Objectives: Hydrodynamic shear, generated by fluid movement along surfaces, may enhance biofilm disruption and irrigant penetration into dentinal tubules. This study evaluated the influence of hydrodynamic shear on the antimicrobial efficacy of sodium hypochlorite (NaOCl) against intratubular Enterococcus faecalis biofilms. Methods: Three hundred dentine specimens infected with 3-week E. faecalis biofilms were randomly assigned to experimental groups (n = 20). Disinfection was performed in a Centers for Disease Control and Prevention (CDC) biofilm reactor under controlled hydrodynamic conditions. Specimens were treated with 2% or 5% NaOCl for 3 or 10 min at rotational speeds of 0, 130, and 260 rpm. Sterile water served as the control. Bacterial viability was assessed using LIVE/DEAD staining and confocal laser scanning microscopy. The percentage of dead bacteria was quantified using three-dimensional image analysis. Data were analysed using three-way analysis of variance and Tukey’s post hoc tests (α = 0.05). Results: NaOCl concentration, irrigation time, and rotational speed significantly affected bacterial killing ( p < 0.001). Significant two-way interactions were observed between concentration and time, concentration and speed, and time and speed ( p < 0.001), whereas the three-way interaction was not significant ( p = 0.055). Increasing NaOCl concentration, exposure time, and rotational speed enhanced antibacterial efficacy.

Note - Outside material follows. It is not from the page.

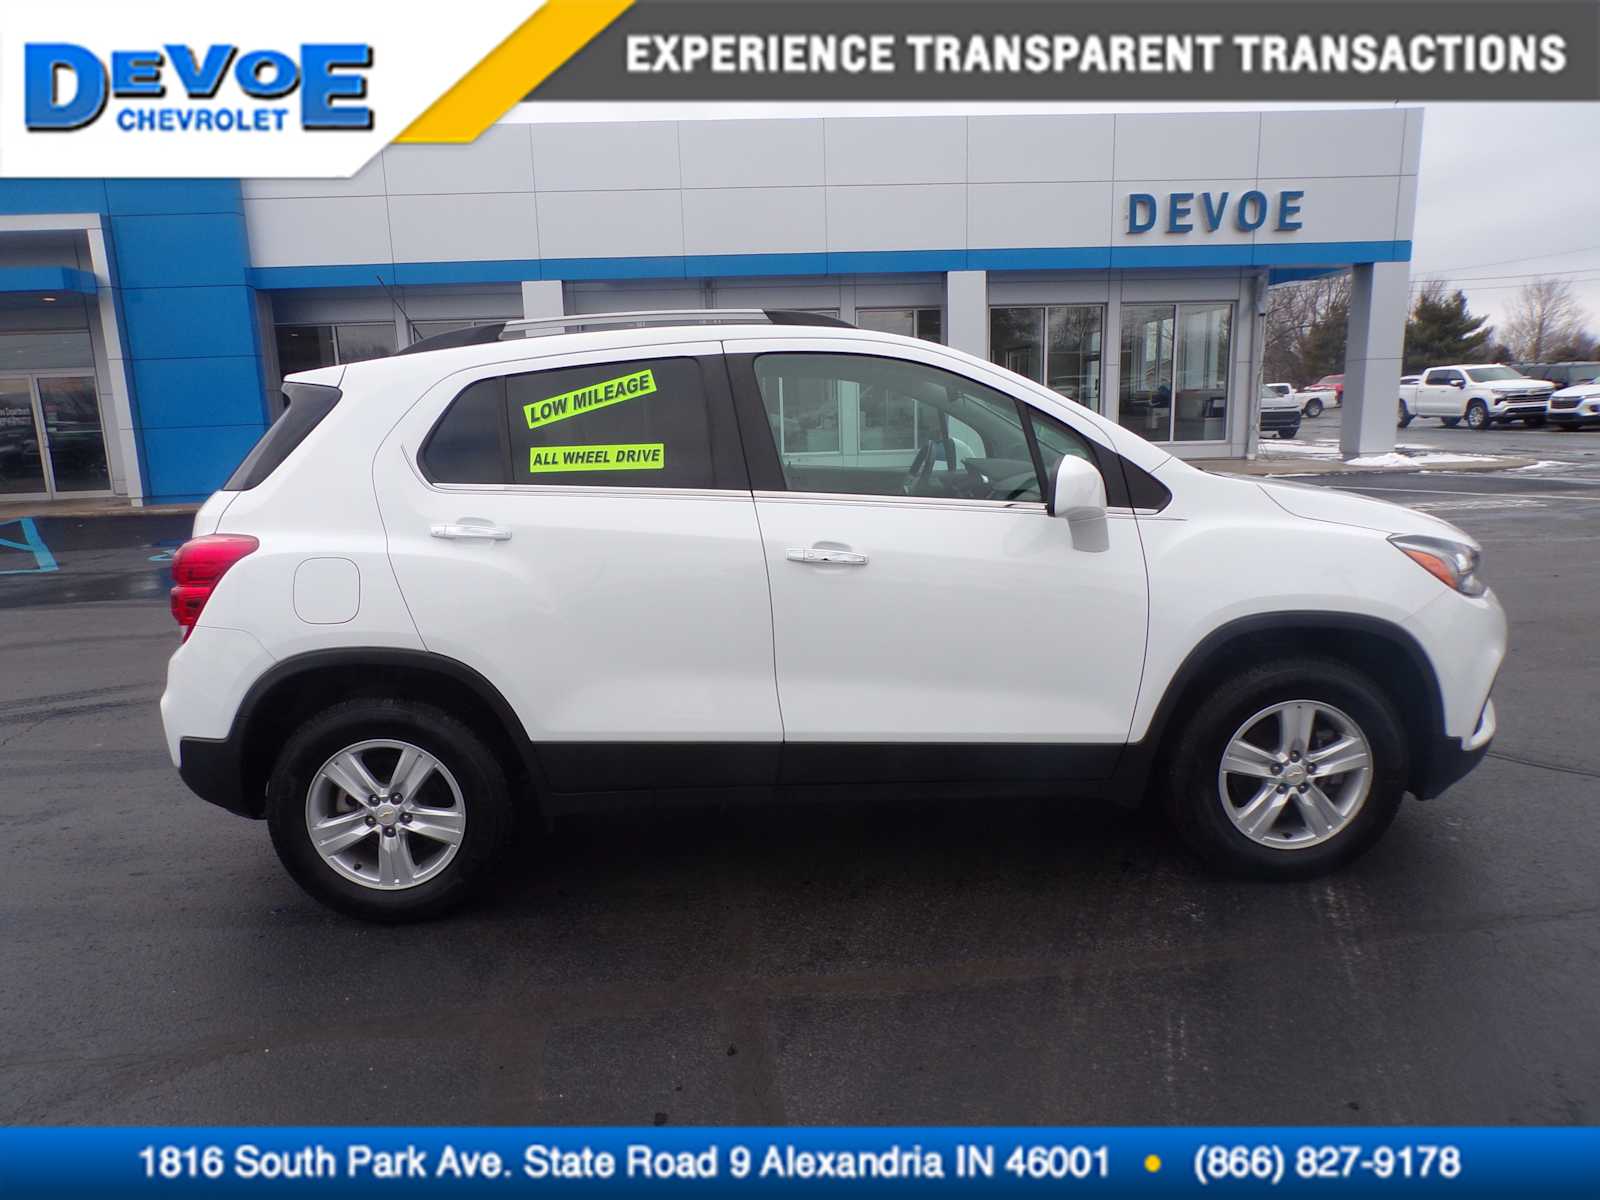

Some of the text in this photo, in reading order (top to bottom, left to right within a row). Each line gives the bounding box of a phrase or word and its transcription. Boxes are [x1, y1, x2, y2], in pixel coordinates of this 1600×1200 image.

[1127, 190, 1304, 234] DEVOE
[530, 374, 650, 423] LOW MILEAGE
[533, 449, 661, 466] ALL WHEEL DRIVE

The effect of hydrodynamic shear was most pronounced at short exposure time, particularly in the 3-min groups. Conclusions: Hydrodynamic shear significantly enhances the antimicrobial efficacy of NaOCl against intratubular E. faecalis biofilms. Clinical significance: Optimizing irrigant hydrodynamics may improve root canal disinfection and reduce reliance on higher NaOCl concentrations or longer irrigation times.